Between Moderna and Pfizer many college students are none the wiser – The Blue Banner

Sam Hager

Assistant News Editor

From microchips to mind control, there is a lot of misinformation about the current COVID-19 vaccines. According to Channing Neorr, a second academic and religious scholar at UNC Asheville, it’s nearly impossible to sift through the lies surrounding the vaccine.

“I try to stay away from everything because I know it’s kind of biased. I feel this strange detachment like I don’t even want to look because at the end of the day I don’t know what the truth is, ”she said.

There are other reasons why students may not actively seek information about the vaccines, according to Neorr. For her, the conversation just hadn’t come up.

“I feel safe. I don’t really think about it,” she said. “It is also due to my health and my population. I am not as afraid as many others People especially do this because I don’t live with anyone who is older. “

Jay Cutspec, director of health and advice at UNCA, said misinformation was only part of the problem with the vaccines.

“The vaccine situation in our country is a mess. Despite what we’ve been told, Operation Warp Speed ​​wasn’t a very well-organized effort, ”he said.

According to the US Department of Defense website, Operation Warp Speed ​​aims to combine the private and federal sectors to accelerate the production and distribution of vaccines. However, Cutspec said he was unimpressed.

“Part of that is that we not only distribute vaccines, but also get them out of the camp and into people’s arms,” ​​he said. “There is not necessarily fairness or equal distribution as people see it should be.”

Despite frustrations with distribution, Cutspec said the very fact that we have a vaccine is incredible.

“Not only did we have the best scientists working on it, but we also had an enormous amount of resources so that they could develop these vaccines so quickly,” he said.

According to Cutspec, both the Pfizer and Moderna vaccines are proving effective, while more vaccines begin their development in the background. In fact, students could benefit from waiting to get a more up-to-date vaccine later, he said.

“Waiting can have a certain advantage. You may get a more effective vaccine, or the vaccine may be a little better suited to the virus, depending on what’s out there. We just have to wait and see how this plays out over the next few months, ”he said.

According to Cutspec, the research he’s seen shows a vaccination rate of nearly 70 percent for the upcoming single-dose vaccine from Johnson & Johnson, while the statistics from Moderna and Pfizer are nearly 90 percent effective. While these statistics are exciting, Cutspec said students should try to keep up to date as more research becomes available.
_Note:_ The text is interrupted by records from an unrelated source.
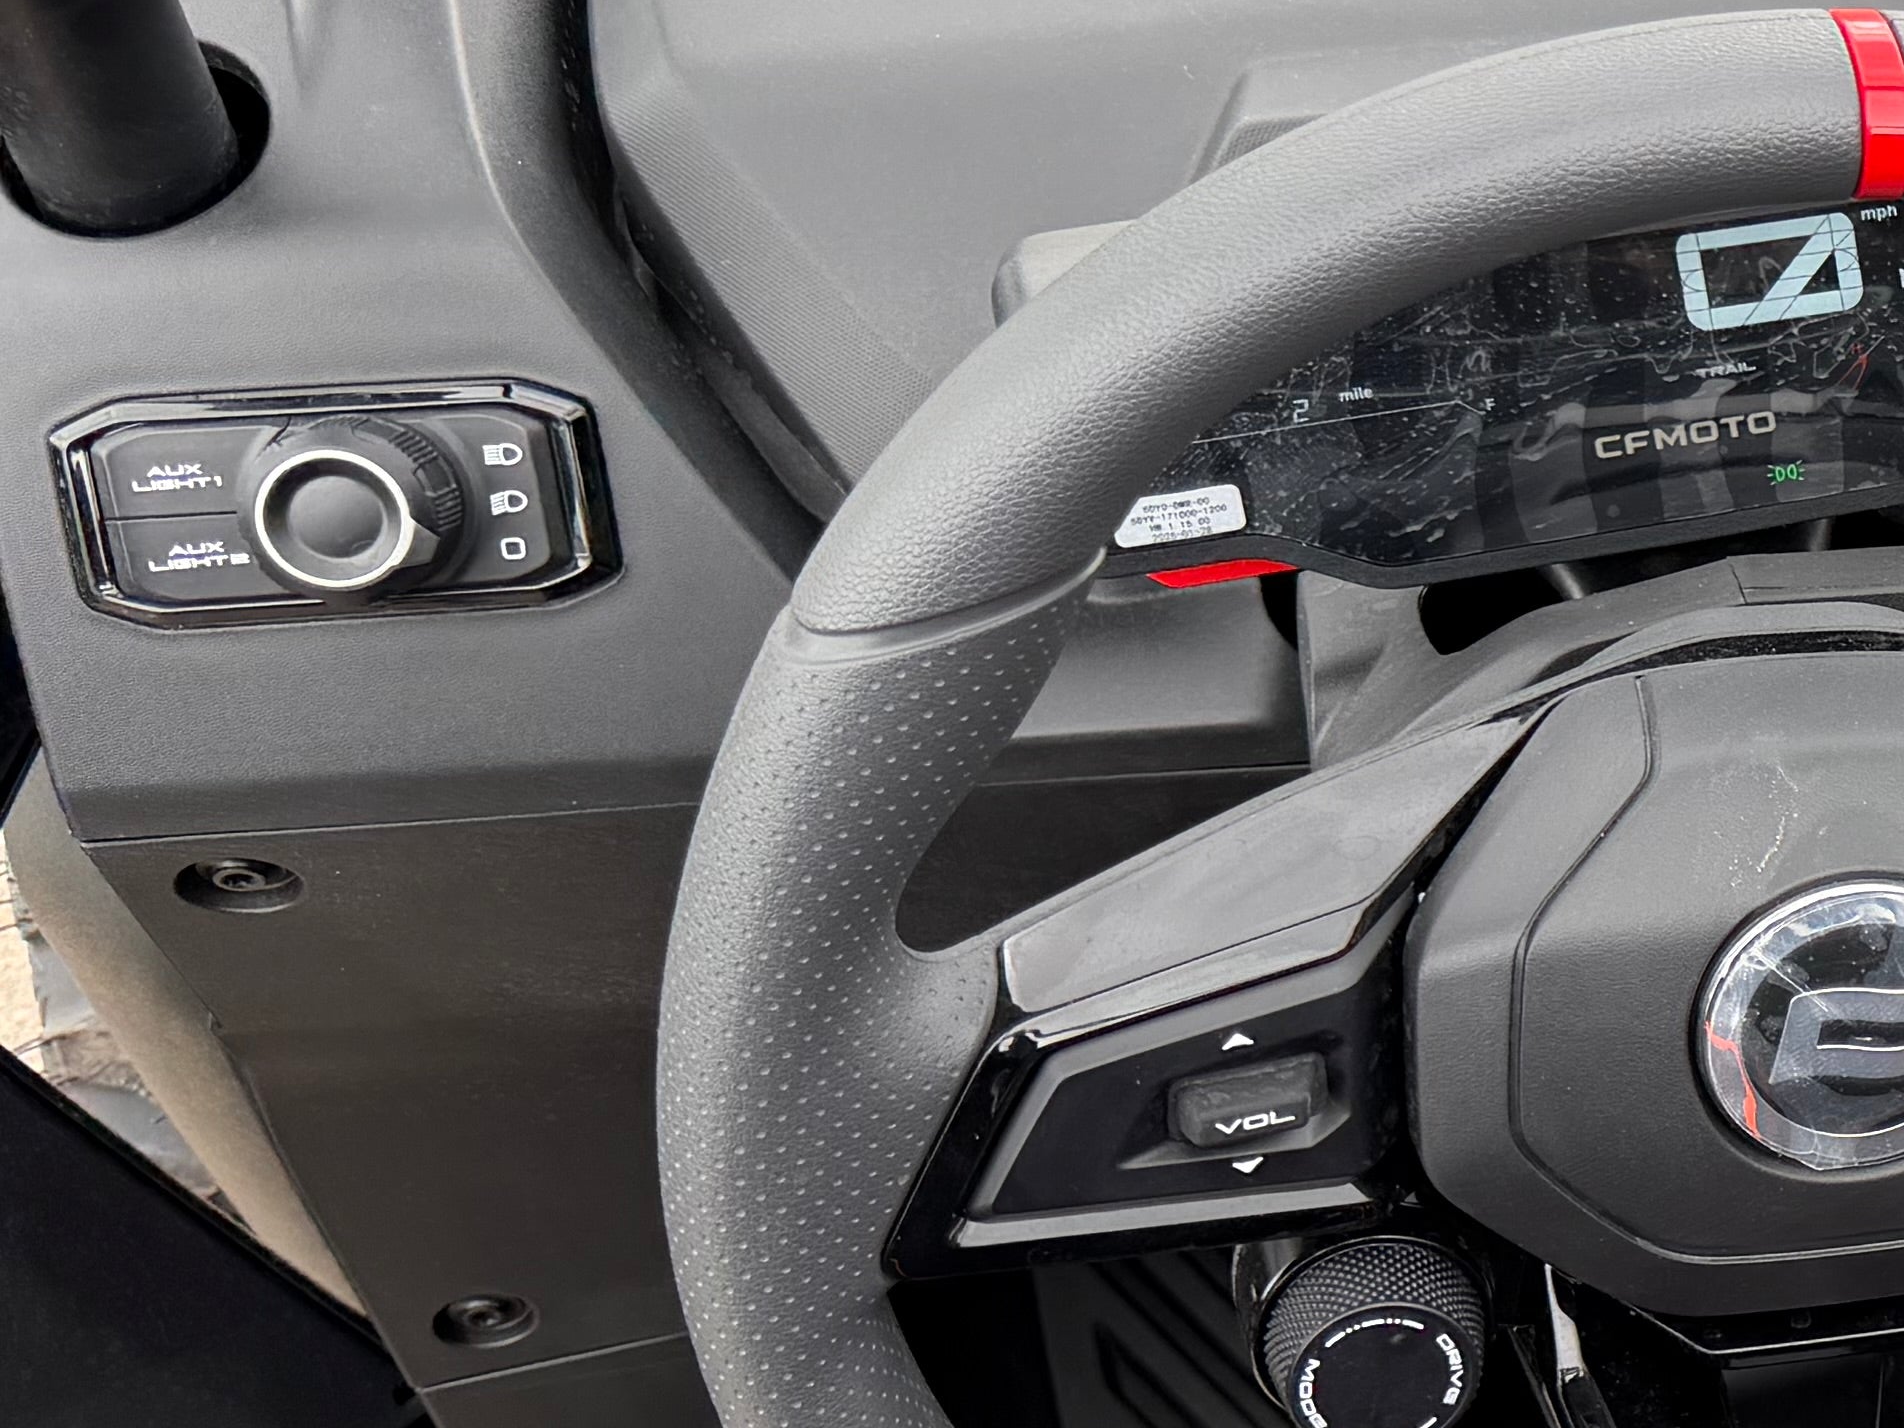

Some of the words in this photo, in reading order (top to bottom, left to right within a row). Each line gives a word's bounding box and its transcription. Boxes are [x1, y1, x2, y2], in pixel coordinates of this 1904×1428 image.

[1860, 204, 1898, 222] mph
[1338, 386, 1374, 403] mile
[1594, 410, 1777, 460] CFMOTO
[147, 463, 204, 476] AUX
[131, 475, 223, 493] LIGHT1
[168, 541, 224, 555] AUX
[149, 554, 250, 573] LIGHT2
[1214, 1110, 1296, 1135] VOL
[1435, 1333, 1464, 1405] DRIVE
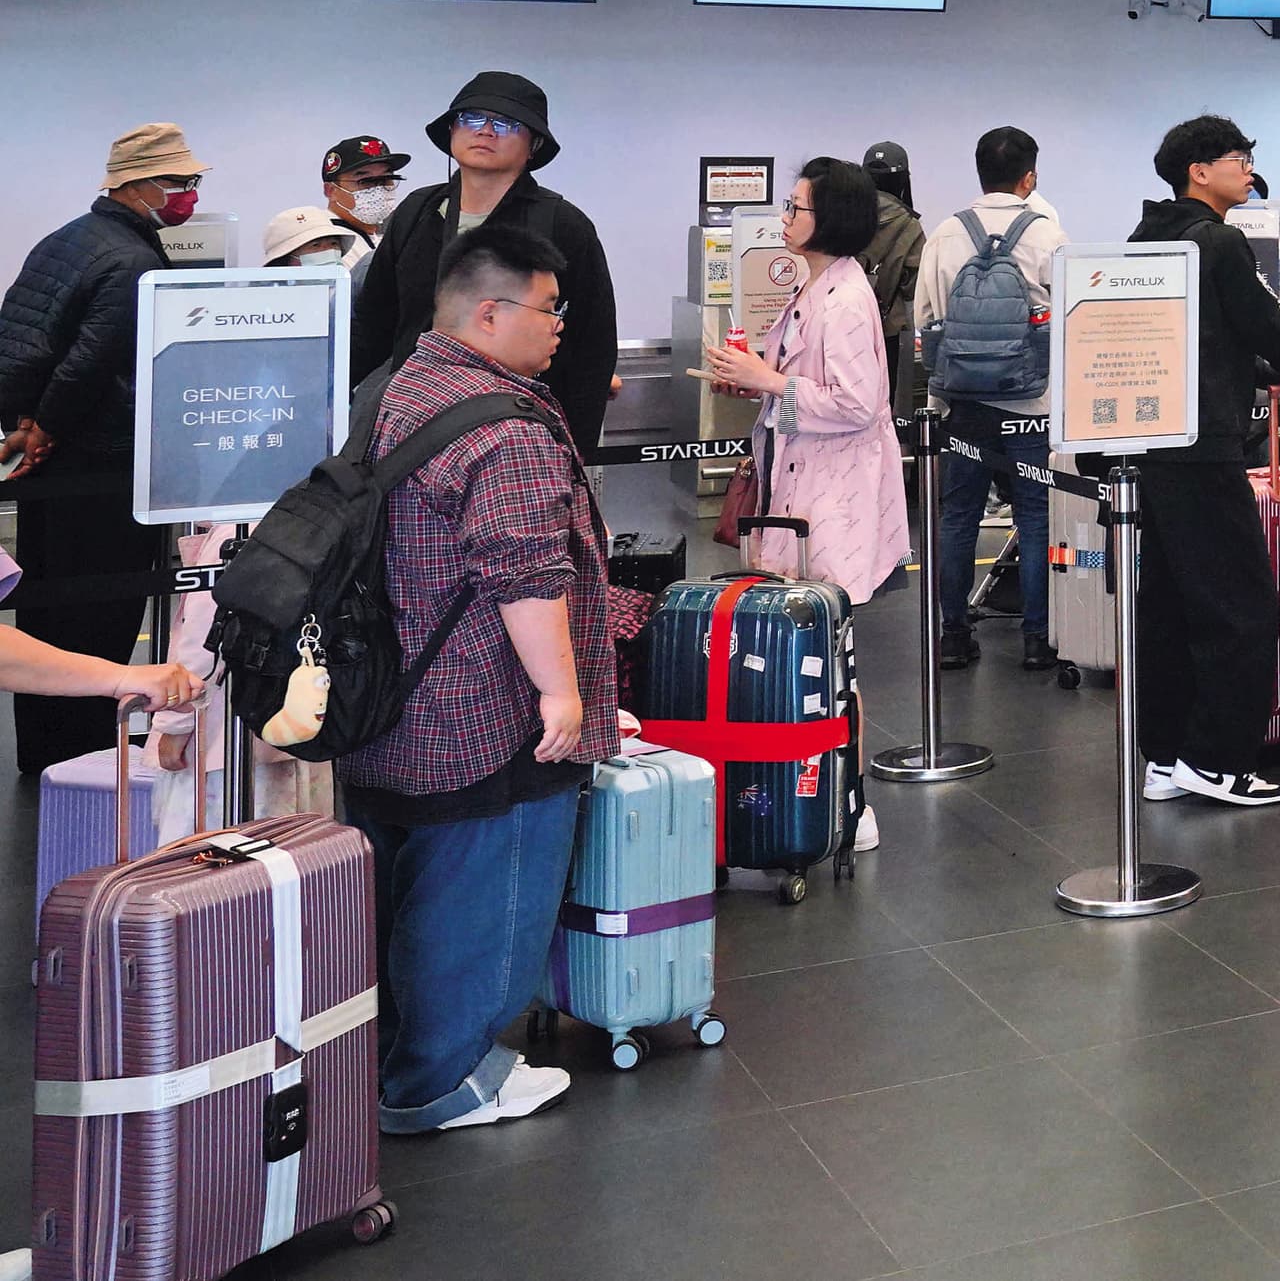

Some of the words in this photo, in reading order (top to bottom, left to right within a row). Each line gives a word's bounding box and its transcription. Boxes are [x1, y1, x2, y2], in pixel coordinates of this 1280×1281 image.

Samantha Desotelle works at the First Resource Center as a drug professional. Her position brought her up a few stages so that she could receive her first dose of the Pfizer vaccine on February 8th.

“It felt like a small piece of metal was pushed into my arm. I wonder if it was the chip – the microchip – I hope it has bluetooth, ”she said, joking about the conspiratorial thinking surrounding the vaccine.

Desotelle said most people don’t have a problem with the first dose of the Pfizer vaccine, it’s the second round that causes problems.

“I didn’t hear any side effects the first time. Most people always talk about the second, ”she said. “The second is supposedly much worse.”

Her mom experienced these side effects firsthand, according to Neorr.

“She said she was just on her second round and she woke up with a really bad fever and just wasn’t feeling well. I didn’t mean to freak her out, but it made me kind of nervous, “she said.

While anecdotes like this create confusion and concern, Cutspec said the only way to know the truth is to seek it.

“Education is the key. Facts are the key. We live in a culture where facts and fiction mix, ”he said.

For students looking for the fastest way to get a vaccine, there isn’t much they can do, Cutspec said. According to him, the distribution is based on various factors, e.g. B. in which district you live.

“So if you live in a rural county, keep in touch with that county and see what phase of distribution they are in. That is the most important and probably the only thing you can do,” he said.

According to Cutspec, the students belong to the penultimate distribution phase, which means they may not see the vaccine for some time.

However, once you’ve received the vaccine, Desotelle says you’re not out of the woods.

“When people get the vaccine, it doesn’t mean they are okay with going to the store and not wearing their mask. You still have to wear your mask because they are unsure if that person is essentially going from someone who is COVID-19 reactive to someone who is more asymptomatic, ”she said.

For students wary of zombification, microchips, or worse, Desotelle said they should take a step back and consider the facts.

“I swam in French Broad so I’m not afraid of the vaccine,” she said. “I think the really worst that can happen is that your chip doesn’t have WiFi.”